---
name: property-report
description: |
  UK property analysis: comparable sales, EPC ratings, rental yields,
  stamp duty, market context, and a BUY/WATCH/PASS verdict for a named
  address or postcode. Use to analyse a property, value a house, check
  what a place is worth, compare area prices, assess rental yield, or
  pull a full investment report. British spelling, UK stamp duty bands,
  real Land Registry and Rightmove data via the BOUCH property MCP.
license: Apache-2.0
compatibility: Requires the BOUCH property MCP server (property-shared) and Python 3 for post-processing scripts.
metadata:
  author: bouch
  version: "2.1"
---

# Property Report Generator

Analyse a UK residential property or area and produce a grounded investment report: comps, EPC, rental, yield, stamp duty, market context, and a BUY/WATCH/PASS verdict.

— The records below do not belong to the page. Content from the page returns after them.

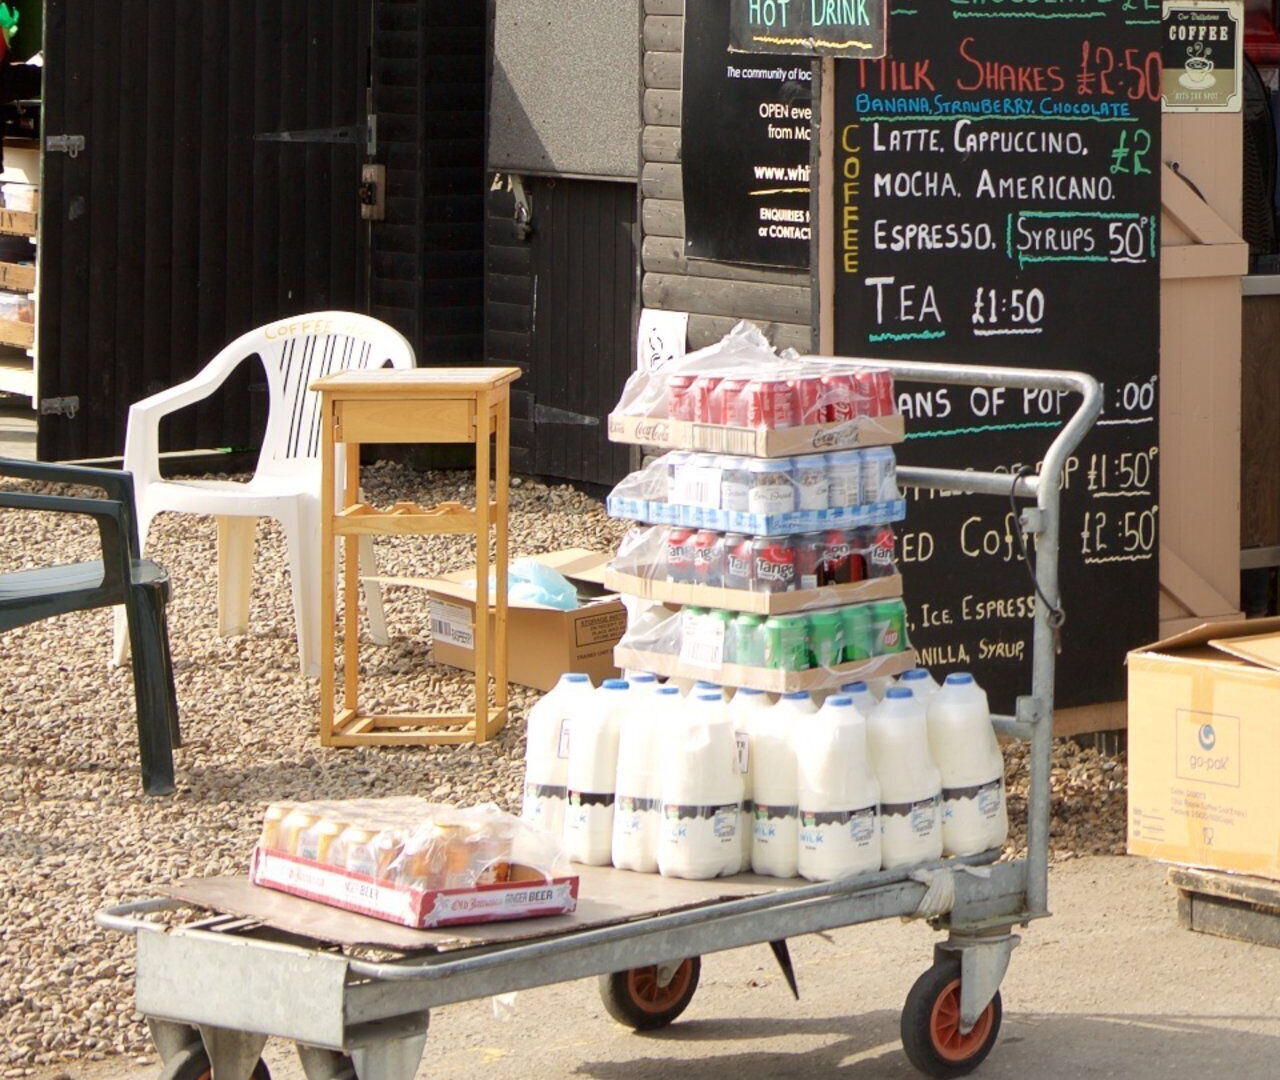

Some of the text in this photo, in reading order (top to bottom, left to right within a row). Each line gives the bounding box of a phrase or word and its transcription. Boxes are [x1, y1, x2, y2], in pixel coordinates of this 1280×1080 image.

[1168, 25, 1229, 41] COFFEE
[727, 66, 797, 83] The community of
[957, 37, 1065, 92] SHAKES
[1077, 40, 1163, 100] £2:50
[759, 103, 789, 119] OPEN
[1039, 97, 1130, 117] CHOCOLATE
[768, 124, 792, 139] from
[1109, 129, 1152, 174] £2
[842, 124, 860, 273] COFFEE
[760, 208, 804, 223] ENQUIRIES
[758, 227, 768, 238] or
[1017, 217, 1095, 251] SYRUPS
[865, 276, 1045, 324] TEA £1:50
[970, 386, 1006, 417] OF
[528, 890, 553, 902] BEER
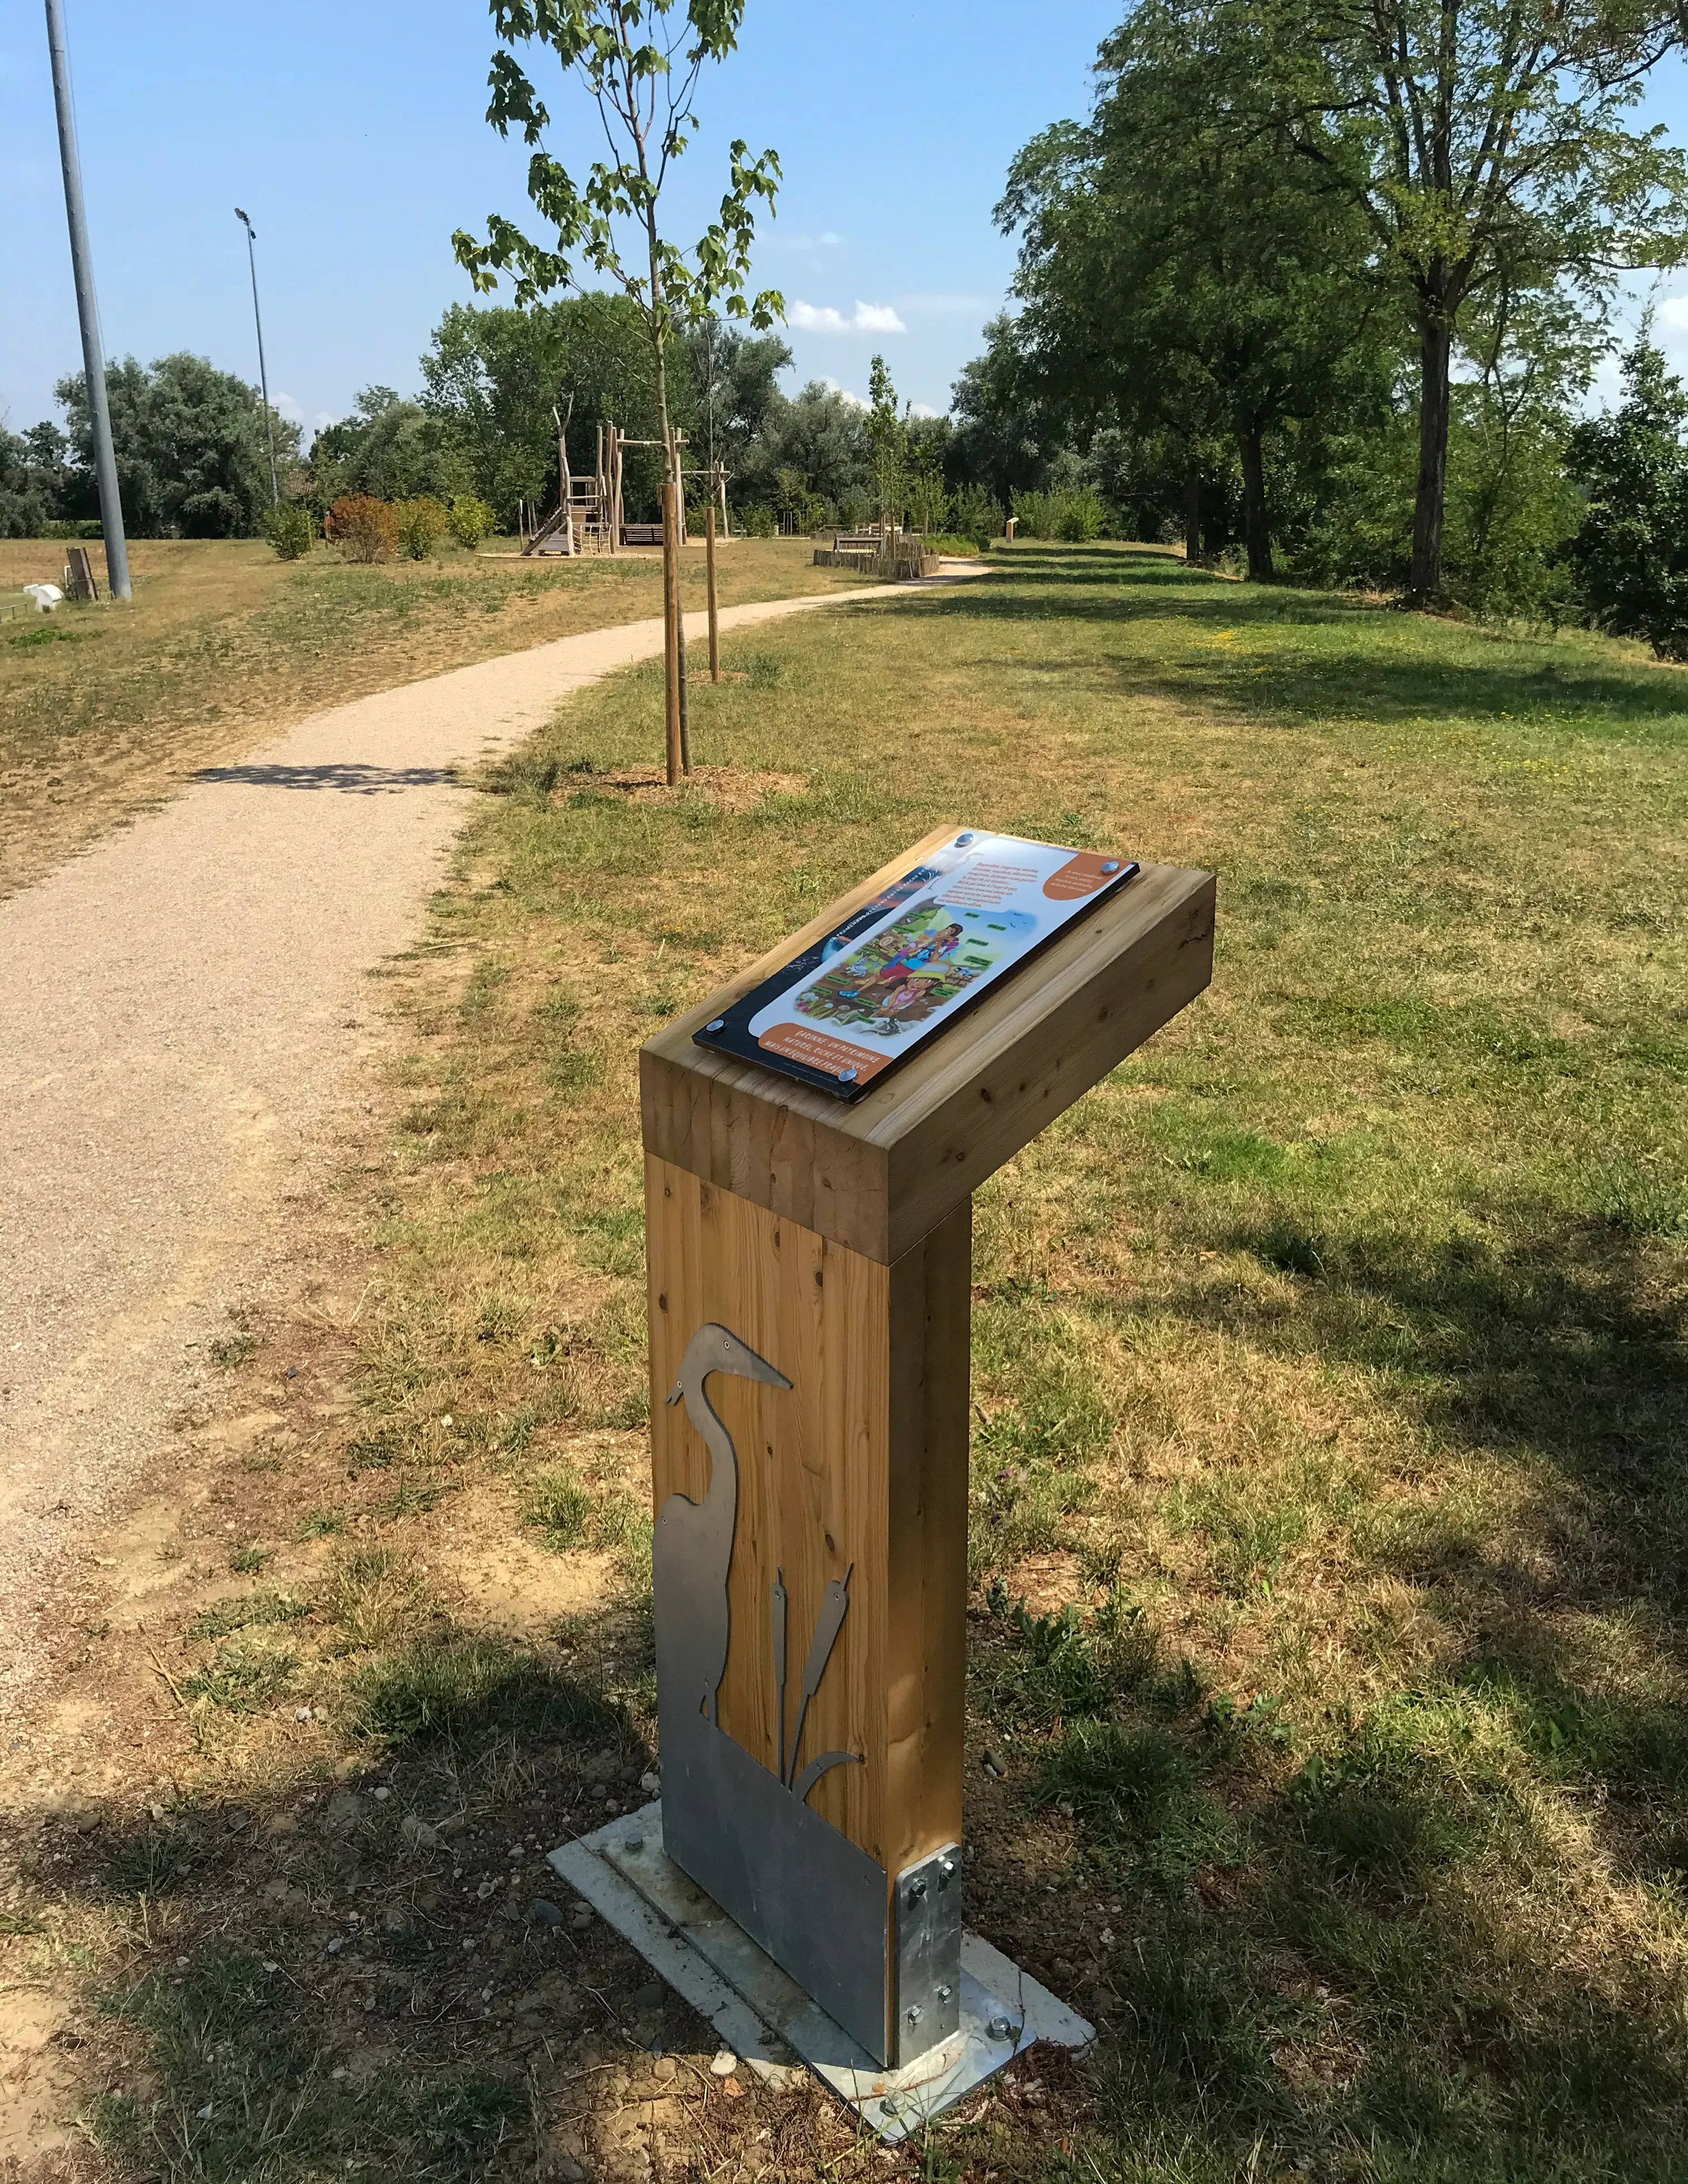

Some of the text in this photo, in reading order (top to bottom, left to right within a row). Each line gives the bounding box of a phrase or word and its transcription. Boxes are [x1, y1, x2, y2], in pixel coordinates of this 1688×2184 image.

You compose real data (Land Registry, EPC register, Rightmove) via the BOUCH property MCP, then hand the aggregated data to deterministic Python scripts for normalisation, yield maths, underwriting, and rendering. This keeps the numbers right and the output consistent.

## When to use

- "What's this property worth?" / "Analyse 14 Elm Street, NG1 5BT"
- "Are these comps for SW2 reasonable?"
- "Is this a good rental investment?"
- "Pull me a property report" / "Give me a property snapshot"
- Any request involving UK property valuation, comparison, or investment analysis

Do NOT use this skill for:
- Mortgage advice or affordability calculations
- Structural / surveyor work
- Legal advice on purchase
- Predicting future prices

## Setup — connect the MCP once

This skill depends on a UK property MCP server being connected. Two options, depending on how the user installed this skill.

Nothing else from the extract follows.